• _Aim of the exercise_
All lines from the one containing "Some of the text" to the end of the entries below must be output exactly, and no other lines.

• _Listed entries_

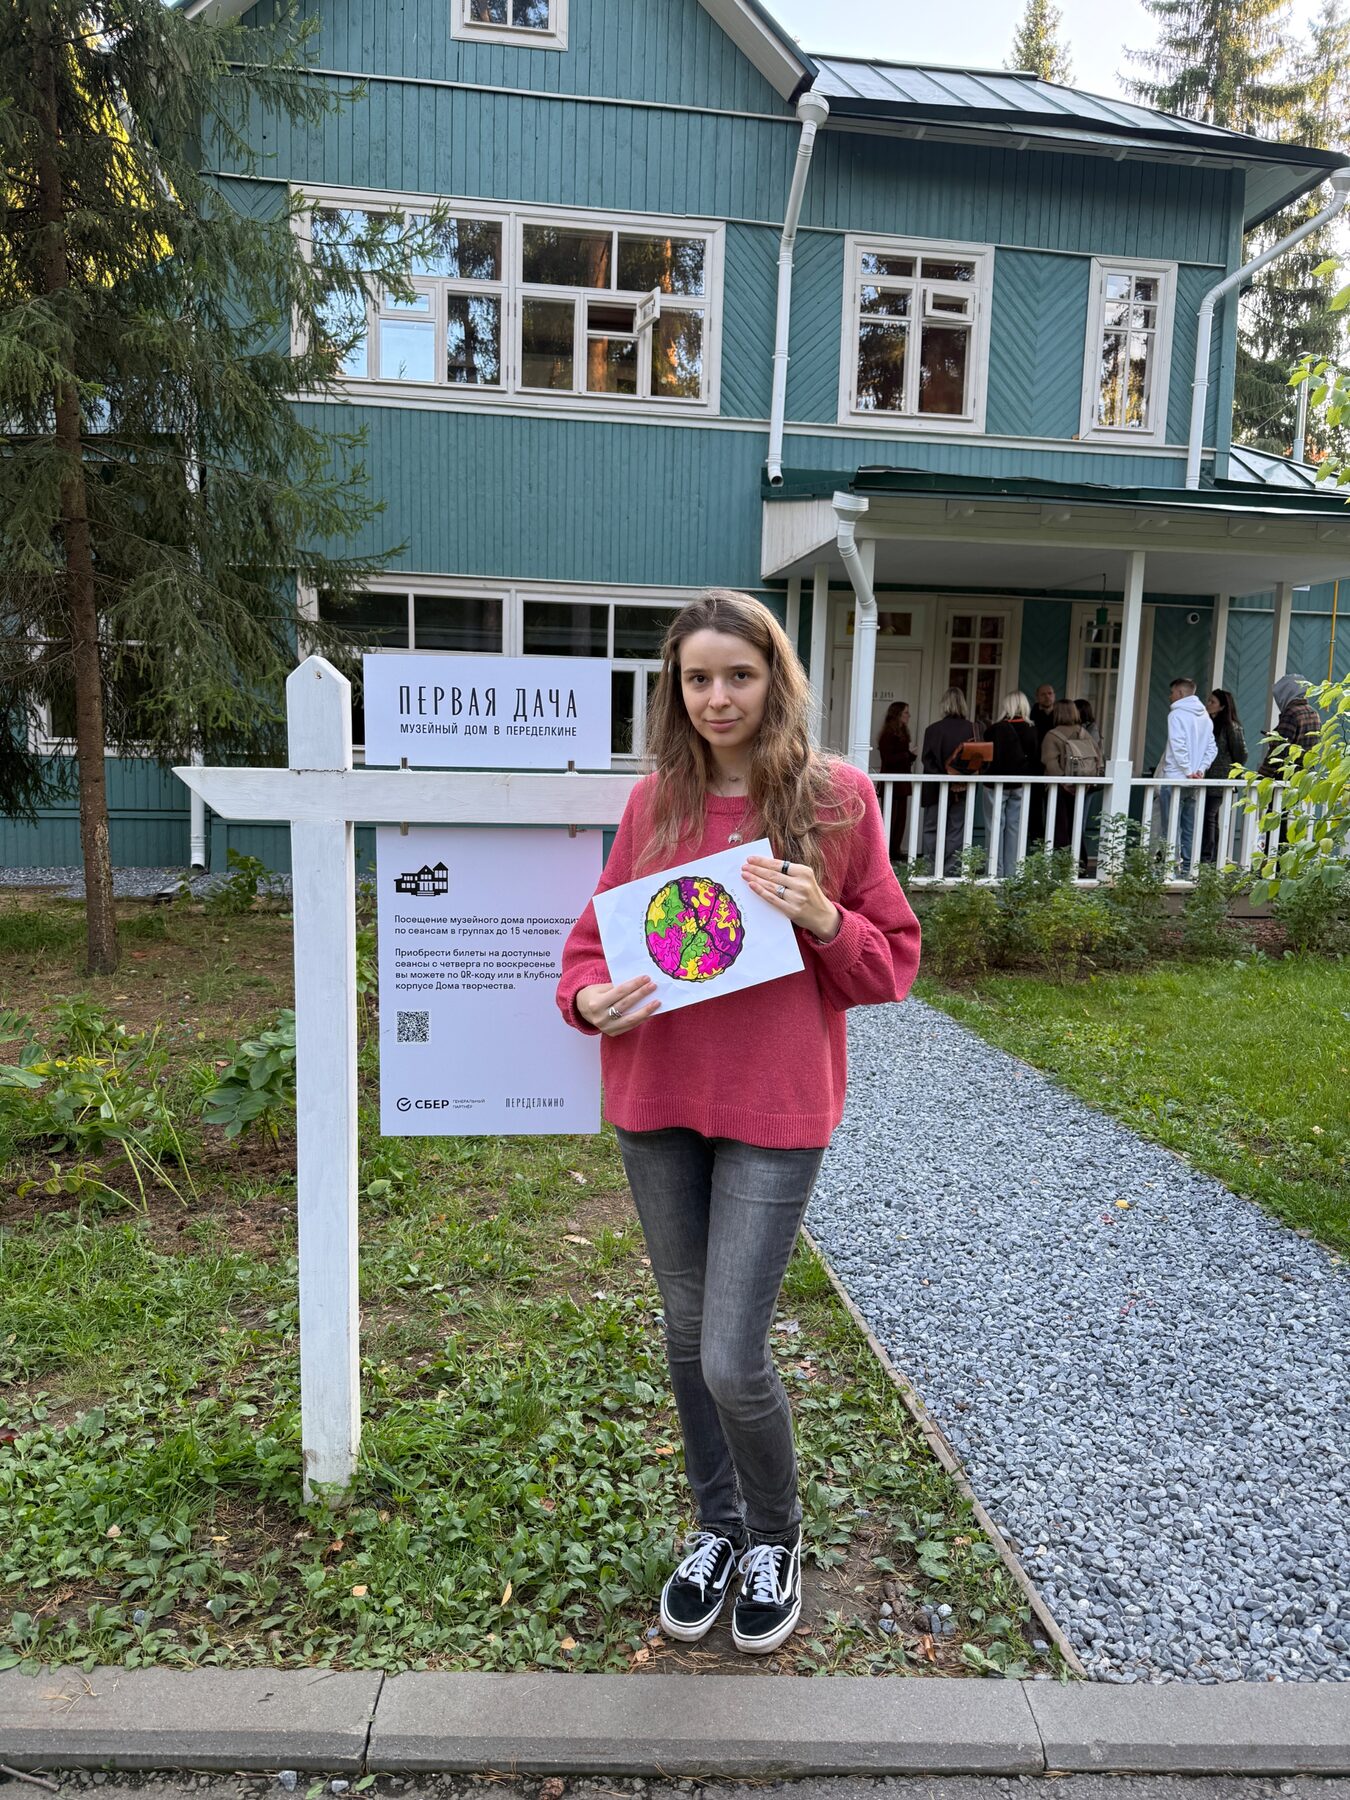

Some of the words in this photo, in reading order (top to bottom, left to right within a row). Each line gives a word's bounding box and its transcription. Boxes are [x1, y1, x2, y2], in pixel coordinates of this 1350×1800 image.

[399, 685, 496, 717] ПЕРВАЯ
[513, 688, 578, 723] ДАЧА
[400, 721, 458, 735] МУЗЕЙНЫЙ
[463, 724, 488, 736] ДОМ
[493, 725, 501, 736] В
[506, 725, 577, 737] ПЕРЕДЕЛКИНЕ
[394, 915, 448, 925] Посещение
[450, 915, 499, 926] музейного
[501, 917, 525, 925] дома
[527, 917, 579, 926] происходи
[459, 928, 495, 937] группах
[496, 928, 508, 936] до
[511, 926, 521, 935] 15
[523, 928, 562, 936] человек.
[395, 948, 451, 959] Приобрести
[453, 948, 487, 957] билеты
[502, 950, 551, 960] доступные
[440, 961, 481, 971] четверга
[497, 961, 556, 970] воскресенье
[461, 970, 496, 981] QR-коду
[524, 970, 563, 981] Клубном
[396, 983, 434, 992] корпусе
[436, 981, 460, 991] Дома
[462, 983, 516, 992] творчества.
[414, 1100, 450, 1109] СБЕР
[506, 1098, 565, 1110] ПЕРЕДЕЛКИНО
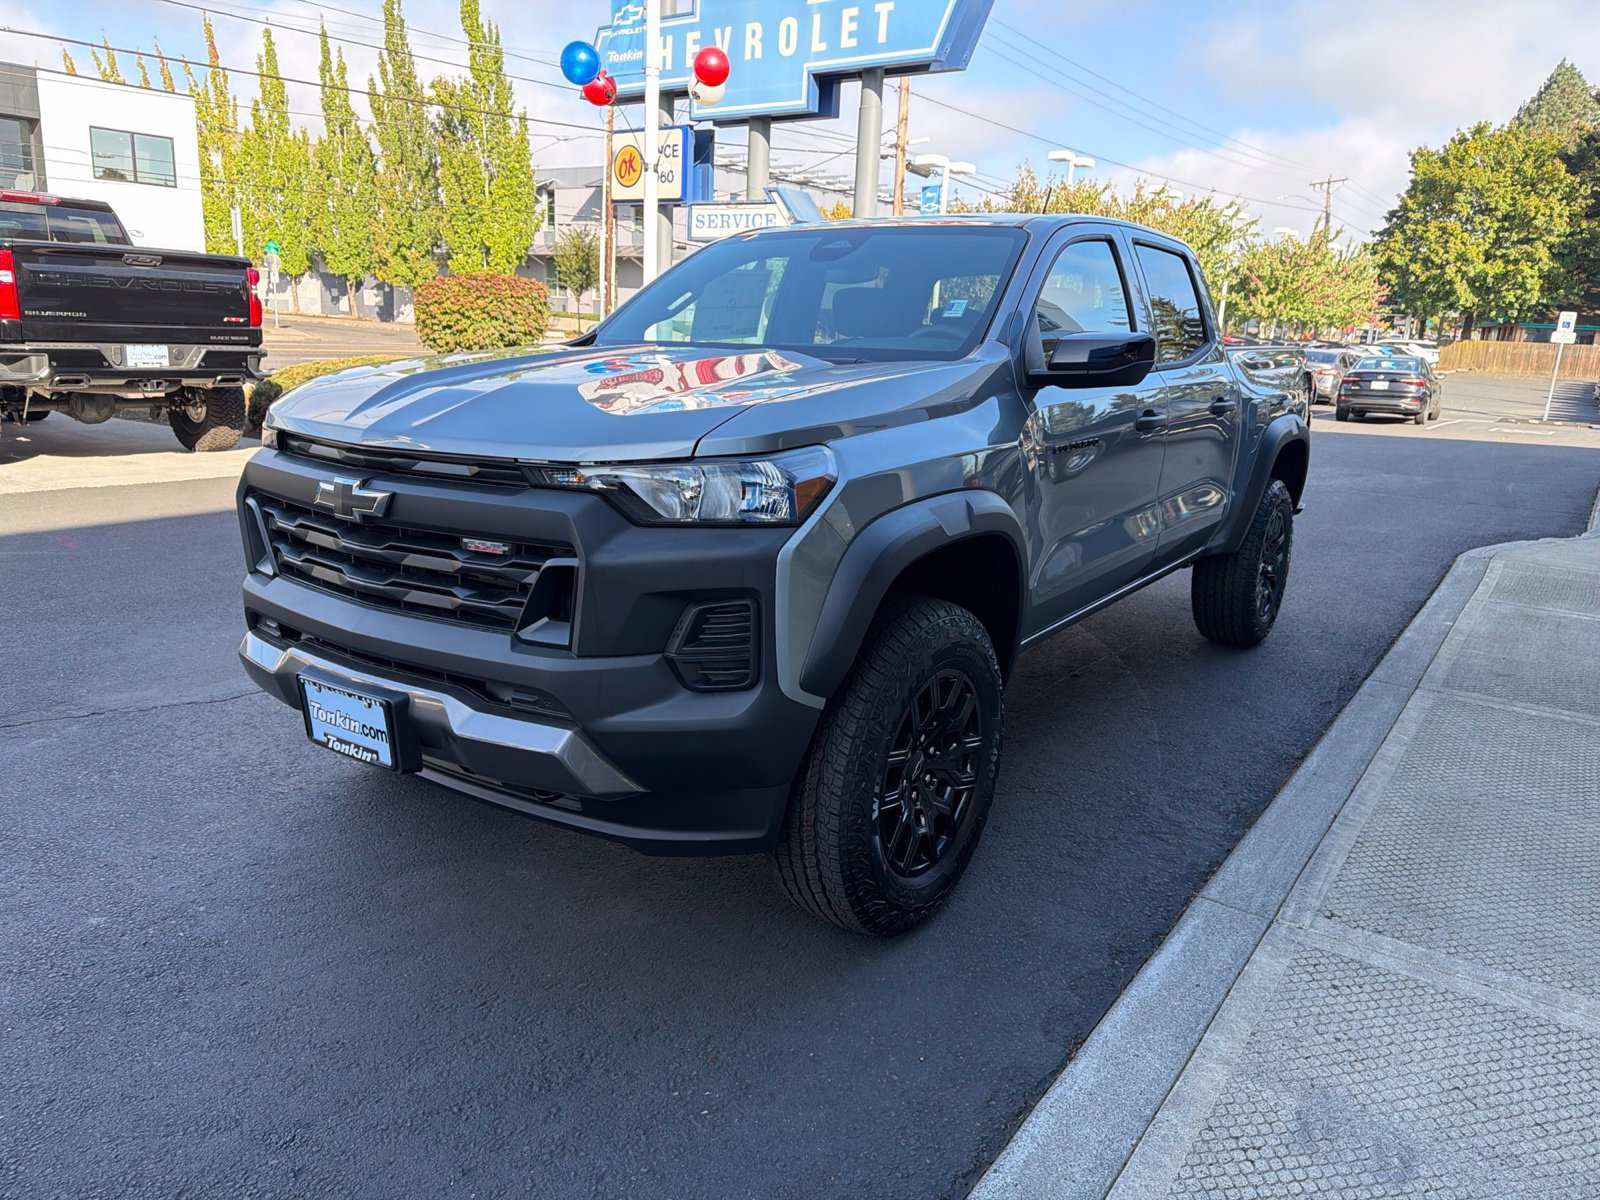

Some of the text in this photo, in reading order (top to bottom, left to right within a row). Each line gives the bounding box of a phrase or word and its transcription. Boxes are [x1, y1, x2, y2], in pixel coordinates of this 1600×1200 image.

[610, 26, 645, 37] EVROLET
[658, 2, 895, 71] HEVROLET
[608, 49, 643, 63] Tonkin
[657, 143, 679, 159] NCE
[618, 152, 637, 179] OK
[657, 169, 675, 183] 60
[695, 213, 777, 229] SERVICE
[37, 273, 237, 295] CHEVROLET
[310, 700, 389, 744] Tonkin.com
[327, 734, 372, 763] Tonkin

• _Task answer_
Some of the text in this photo, in reading order (top to bottom, left to right within a row). Each line gives the bounding box of a phrase or word and its transcription. Boxes are [x1, y1, x2, y2], in pixel coordinates of this 1600×1200 image.

[610, 26, 645, 37] EVROLET
[658, 2, 895, 71] HEVROLET
[608, 49, 643, 63] Tonkin
[657, 143, 679, 159] NCE
[618, 152, 637, 179] OK
[657, 169, 675, 183] 60
[695, 213, 777, 229] SERVICE
[37, 273, 237, 295] CHEVROLET
[310, 700, 389, 744] Tonkin.com
[327, 734, 372, 763] Tonkin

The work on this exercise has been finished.